Contrary to Smith's contention, we do not find Allstate Insurance Co. v. Parfrey, 830 P.2d 905 (Colo.1992) as authority for his position. There the court addressed the insurer's statutory duty to notify insureds of the availability of uninsured motorist coverage when a policy is issued or modified. Here, however, Smith was not the insured. Further, when a previous, similar Flatirons' policy was originally issued, Smith owned a personal automobile and was covered by another insurer. He subsequently disposed of that vehicle and cancelled his own insurance, but did not specifically inform the Flatirons' insurer of those events. As a result, we conclude that no duty of notification has been demonstrated.


Smith argues that he had a reasonable expectation of coverage. We disagree.

While conflicting terms are construed against the insurer, and the objectively reasonable expectations of applicants and intended beneficiaries will be honored, here we cannot conclude that Smith, not the named insured, could have an objectively reasonable expectation of coverage under the plain policy language. Cf. State Farm Mutual Automobile Insurance Co. v. Nissen, 851 P.2d 165 (Colo.1993).
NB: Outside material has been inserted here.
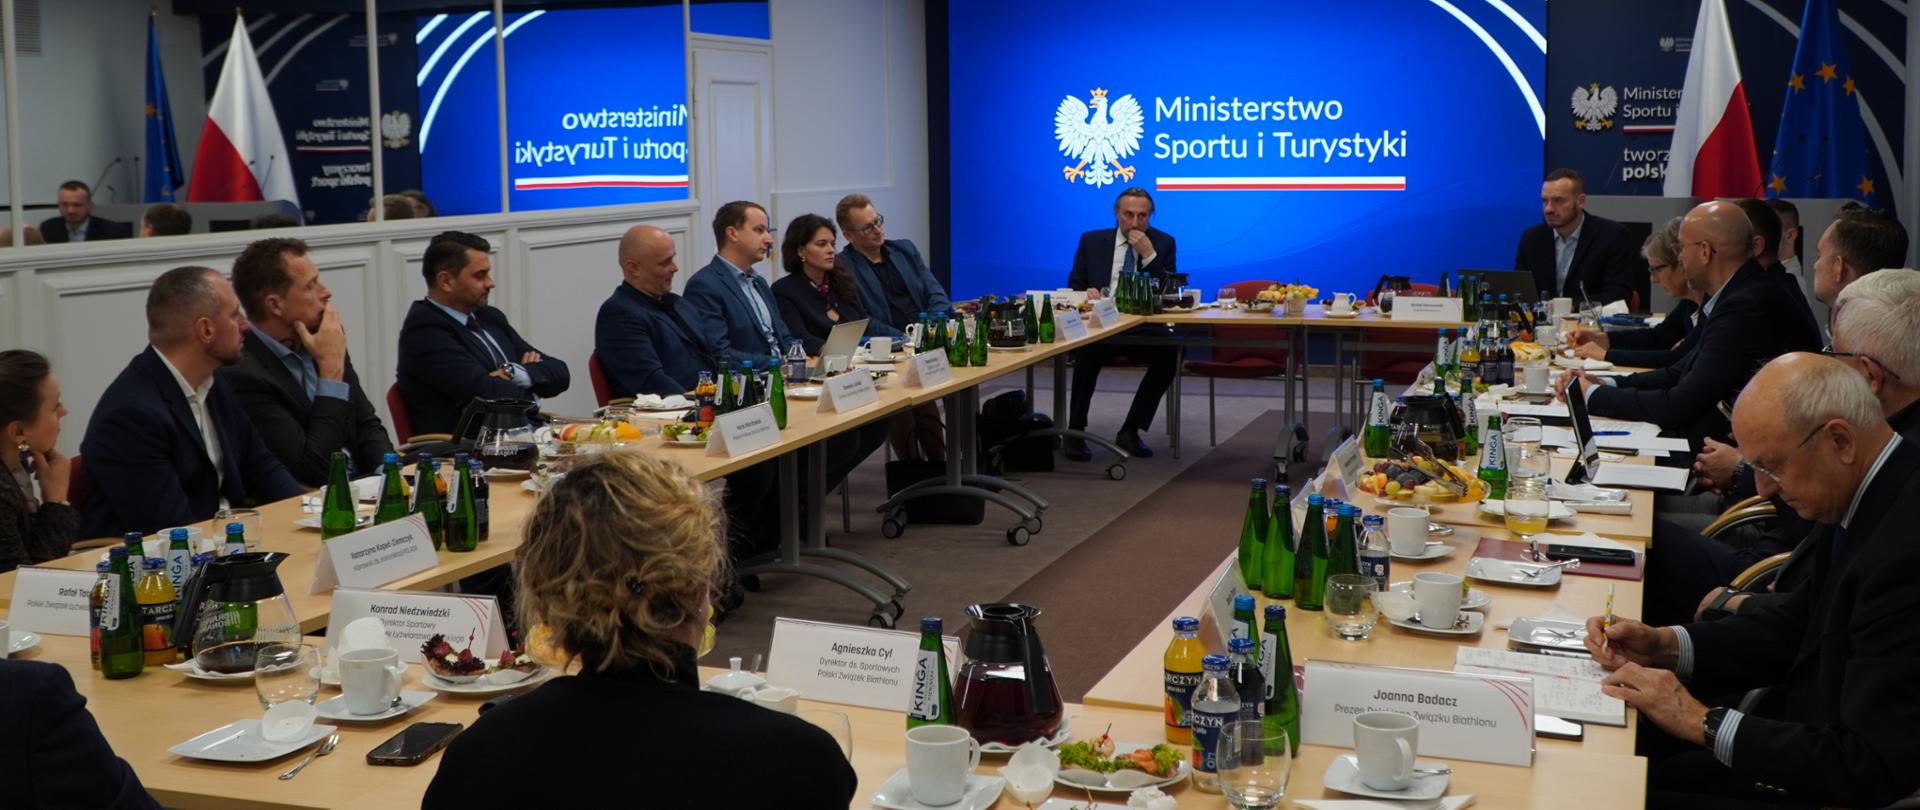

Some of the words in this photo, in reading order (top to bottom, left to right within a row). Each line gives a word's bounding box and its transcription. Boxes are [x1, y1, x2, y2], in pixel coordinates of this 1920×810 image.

Notwithstanding the legislative directive to "find coverage for the innocent insureds whenever possible," State Farm Mutual Automobile Insurance Co. v. Nissen, supra, at 169; see § 10-4-609(1), C.R.S. (1987 Repl. Vol. 4A), that does not compel coverage for individuals not insured. See also Kral v. American Hardware Mutual Insurance Co., 784 P.2d 759 (Colo.1989).

The judgment is affirmed.

RULAND and SMITH,[*] JJ., concur.


[*] Sitting by assignment of the Chief Justice under provisions of the Colo. Const. art. VI, Sec. 5(3), and § 24-51-1105, C.R.S. (1988 Repl. Vol. 10B).